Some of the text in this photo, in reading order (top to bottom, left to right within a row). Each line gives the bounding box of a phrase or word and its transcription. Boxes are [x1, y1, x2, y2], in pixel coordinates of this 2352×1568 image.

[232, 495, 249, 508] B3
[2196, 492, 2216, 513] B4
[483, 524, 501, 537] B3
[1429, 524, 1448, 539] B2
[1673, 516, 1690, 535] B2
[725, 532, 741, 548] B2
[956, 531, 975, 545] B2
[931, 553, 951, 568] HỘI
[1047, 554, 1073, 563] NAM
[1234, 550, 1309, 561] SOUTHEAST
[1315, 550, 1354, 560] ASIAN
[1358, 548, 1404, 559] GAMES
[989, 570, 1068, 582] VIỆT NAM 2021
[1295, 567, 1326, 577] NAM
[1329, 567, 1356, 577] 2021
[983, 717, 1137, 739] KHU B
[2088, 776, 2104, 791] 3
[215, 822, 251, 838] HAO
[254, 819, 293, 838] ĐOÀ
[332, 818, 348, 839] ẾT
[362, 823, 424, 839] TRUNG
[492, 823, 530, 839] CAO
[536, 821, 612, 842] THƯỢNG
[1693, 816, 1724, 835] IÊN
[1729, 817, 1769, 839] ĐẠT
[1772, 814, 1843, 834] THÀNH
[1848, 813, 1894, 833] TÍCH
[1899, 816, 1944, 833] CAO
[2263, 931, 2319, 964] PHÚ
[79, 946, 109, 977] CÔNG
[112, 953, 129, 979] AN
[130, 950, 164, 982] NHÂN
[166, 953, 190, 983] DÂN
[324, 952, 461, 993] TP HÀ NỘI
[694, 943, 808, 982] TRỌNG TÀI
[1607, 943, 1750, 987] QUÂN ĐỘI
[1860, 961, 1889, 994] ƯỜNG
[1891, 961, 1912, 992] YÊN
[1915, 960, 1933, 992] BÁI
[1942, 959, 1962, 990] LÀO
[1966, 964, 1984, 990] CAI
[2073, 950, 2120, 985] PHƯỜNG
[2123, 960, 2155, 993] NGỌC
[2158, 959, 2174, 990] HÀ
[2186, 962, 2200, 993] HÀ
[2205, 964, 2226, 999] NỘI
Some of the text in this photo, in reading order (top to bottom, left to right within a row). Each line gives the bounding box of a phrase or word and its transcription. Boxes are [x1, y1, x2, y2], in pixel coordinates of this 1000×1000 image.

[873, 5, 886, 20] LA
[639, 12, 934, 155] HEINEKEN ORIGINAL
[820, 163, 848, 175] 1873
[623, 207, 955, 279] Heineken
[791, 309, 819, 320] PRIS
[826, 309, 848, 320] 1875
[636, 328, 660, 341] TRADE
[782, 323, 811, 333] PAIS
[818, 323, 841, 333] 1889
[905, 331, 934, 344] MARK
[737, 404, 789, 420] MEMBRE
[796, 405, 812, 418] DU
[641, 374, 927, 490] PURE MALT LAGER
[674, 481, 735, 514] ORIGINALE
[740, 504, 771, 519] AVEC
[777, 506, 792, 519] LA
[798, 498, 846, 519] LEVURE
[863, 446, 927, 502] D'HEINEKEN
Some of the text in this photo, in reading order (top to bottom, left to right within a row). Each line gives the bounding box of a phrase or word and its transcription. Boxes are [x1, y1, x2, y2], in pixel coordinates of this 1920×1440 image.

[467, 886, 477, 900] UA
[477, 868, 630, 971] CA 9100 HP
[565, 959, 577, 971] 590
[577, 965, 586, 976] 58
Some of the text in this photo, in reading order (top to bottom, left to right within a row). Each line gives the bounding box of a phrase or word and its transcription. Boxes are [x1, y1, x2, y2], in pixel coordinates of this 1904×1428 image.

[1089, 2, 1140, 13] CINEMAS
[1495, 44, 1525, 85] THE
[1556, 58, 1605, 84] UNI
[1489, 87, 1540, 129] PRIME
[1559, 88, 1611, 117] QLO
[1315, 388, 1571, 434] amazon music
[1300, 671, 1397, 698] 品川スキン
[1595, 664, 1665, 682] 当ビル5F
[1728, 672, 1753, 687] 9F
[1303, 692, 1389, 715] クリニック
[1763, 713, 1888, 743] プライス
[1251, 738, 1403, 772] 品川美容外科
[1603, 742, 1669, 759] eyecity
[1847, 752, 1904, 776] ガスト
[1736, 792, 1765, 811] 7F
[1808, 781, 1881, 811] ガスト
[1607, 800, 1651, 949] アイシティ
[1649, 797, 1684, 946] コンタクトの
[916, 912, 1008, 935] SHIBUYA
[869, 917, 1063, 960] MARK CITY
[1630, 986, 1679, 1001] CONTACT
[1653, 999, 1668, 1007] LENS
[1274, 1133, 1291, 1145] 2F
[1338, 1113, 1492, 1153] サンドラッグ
********
### INSTRUCTIONS TO FOLLOW
Retype every record exactly, omitting nothing.

### REPLY TO THE EXERCISE
Some of the text in this photo, in reading order (top to bottom, left to right within a row). Each line gives the bounding box of a phrase or word and its transcription. Boxes are [x1, y1, x2, y2], in pixel coordinates of this 2352×1568 image.

[232, 495, 249, 508] B3
[2196, 492, 2216, 513] B4
[483, 524, 501, 537] B3
[1429, 524, 1448, 539] B2
[1673, 516, 1690, 535] B2
[725, 532, 741, 548] B2
[956, 531, 975, 545] B2
[931, 553, 951, 568] HỘI
[1047, 554, 1073, 563] NAM
[1234, 550, 1309, 561] SOUTHEAST
[1315, 550, 1354, 560] ASIAN
[1358, 548, 1404, 559] GAMES
[989, 570, 1068, 582] VIỆT NAM 2021
[1295, 567, 1326, 577] NAM
[1329, 567, 1356, 577] 2021
[983, 717, 1137, 739] KHU B
[2088, 776, 2104, 791] 3
[215, 822, 251, 838] HAO
[254, 819, 293, 838] ĐOÀ
[332, 818, 348, 839] ẾT
[362, 823, 424, 839] TRUNG
[492, 823, 530, 839] CAO
[536, 821, 612, 842] THƯỢNG
[1693, 816, 1724, 835] IÊN
[1729, 817, 1769, 839] ĐẠT
[1772, 814, 1843, 834] THÀNH
[1848, 813, 1894, 833] TÍCH
[1899, 816, 1944, 833] CAO
[2263, 931, 2319, 964] PHÚ
[79, 946, 109, 977] CÔNG
[112, 953, 129, 979] AN
[130, 950, 164, 982] NHÂN
[166, 953, 190, 983] DÂN
[324, 952, 461, 993] TP HÀ NỘI
[694, 943, 808, 982] TRỌNG TÀI
[1607, 943, 1750, 987] QUÂN ĐỘI
[1860, 961, 1889, 994] ƯỜNG
[1891, 961, 1912, 992] YÊN
[1915, 960, 1933, 992] BÁI
[1942, 959, 1962, 990] LÀO
[1966, 964, 1984, 990] CAI
[2073, 950, 2120, 985] PHƯỜNG
[2123, 960, 2155, 993] NGỌC
[2158, 959, 2174, 990] HÀ
[2186, 962, 2200, 993] HÀ
[2205, 964, 2226, 999] NỘI
Some of the text in this photo, in reading order (top to bottom, left to right within a row). Each line gives the bounding box of a phrase or word and its transcription. Boxes are [x1, y1, x2, y2], in pixel coordinates of this 1000×1000 image.

[873, 5, 886, 20] LA
[639, 12, 934, 155] HEINEKEN ORIGINAL
[820, 163, 848, 175] 1873
[623, 207, 955, 279] Heineken
[791, 309, 819, 320] PRIS
[826, 309, 848, 320] 1875
[636, 328, 660, 341] TRADE
[782, 323, 811, 333] PAIS
[818, 323, 841, 333] 1889
[905, 331, 934, 344] MARK
[737, 404, 789, 420] MEMBRE
[796, 405, 812, 418] DU
[641, 374, 927, 490] PURE MALT LAGER
[674, 481, 735, 514] ORIGINALE
[740, 504, 771, 519] AVEC
[777, 506, 792, 519] LA
[798, 498, 846, 519] LEVURE
[863, 446, 927, 502] D'HEINEKEN
Some of the text in this photo, in reading order (top to bottom, left to right within a row). Each line gives the bounding box of a phrase or word and its transcription. Boxes are [x1, y1, x2, y2], in pixel coordinates of this 1920×1440 image.

[467, 886, 477, 900] UA
[477, 868, 630, 971] CA 9100 HP
[565, 959, 577, 971] 590
[577, 965, 586, 976] 58
Some of the text in this photo, in reading order (top to bottom, left to right within a row). Each line gives the bounding box of a phrase or word and its transcription. Boxes are [x1, y1, x2, y2], in pixel coordinates of this 1904×1428 image.

[1089, 2, 1140, 13] CINEMAS
[1495, 44, 1525, 85] THE
[1556, 58, 1605, 84] UNI
[1489, 87, 1540, 129] PRIME
[1559, 88, 1611, 117] QLO
[1315, 388, 1571, 434] amazon music
[1300, 671, 1397, 698] 品川スキン
[1595, 664, 1665, 682] 当ビル5F
[1728, 672, 1753, 687] 9F
[1303, 692, 1389, 715] クリニック
[1763, 713, 1888, 743] プライス
[1251, 738, 1403, 772] 品川美容外科
[1603, 742, 1669, 759] eyecity
[1847, 752, 1904, 776] ガスト
[1736, 792, 1765, 811] 7F
[1808, 781, 1881, 811] ガスト
[1607, 800, 1651, 949] アイシティ
[1649, 797, 1684, 946] コンタクトの
[916, 912, 1008, 935] SHIBUYA
[869, 917, 1063, 960] MARK CITY
[1630, 986, 1679, 1001] CONTACT
[1653, 999, 1668, 1007] LENS
[1274, 1133, 1291, 1145] 2F
[1338, 1113, 1492, 1153] サンドラッグ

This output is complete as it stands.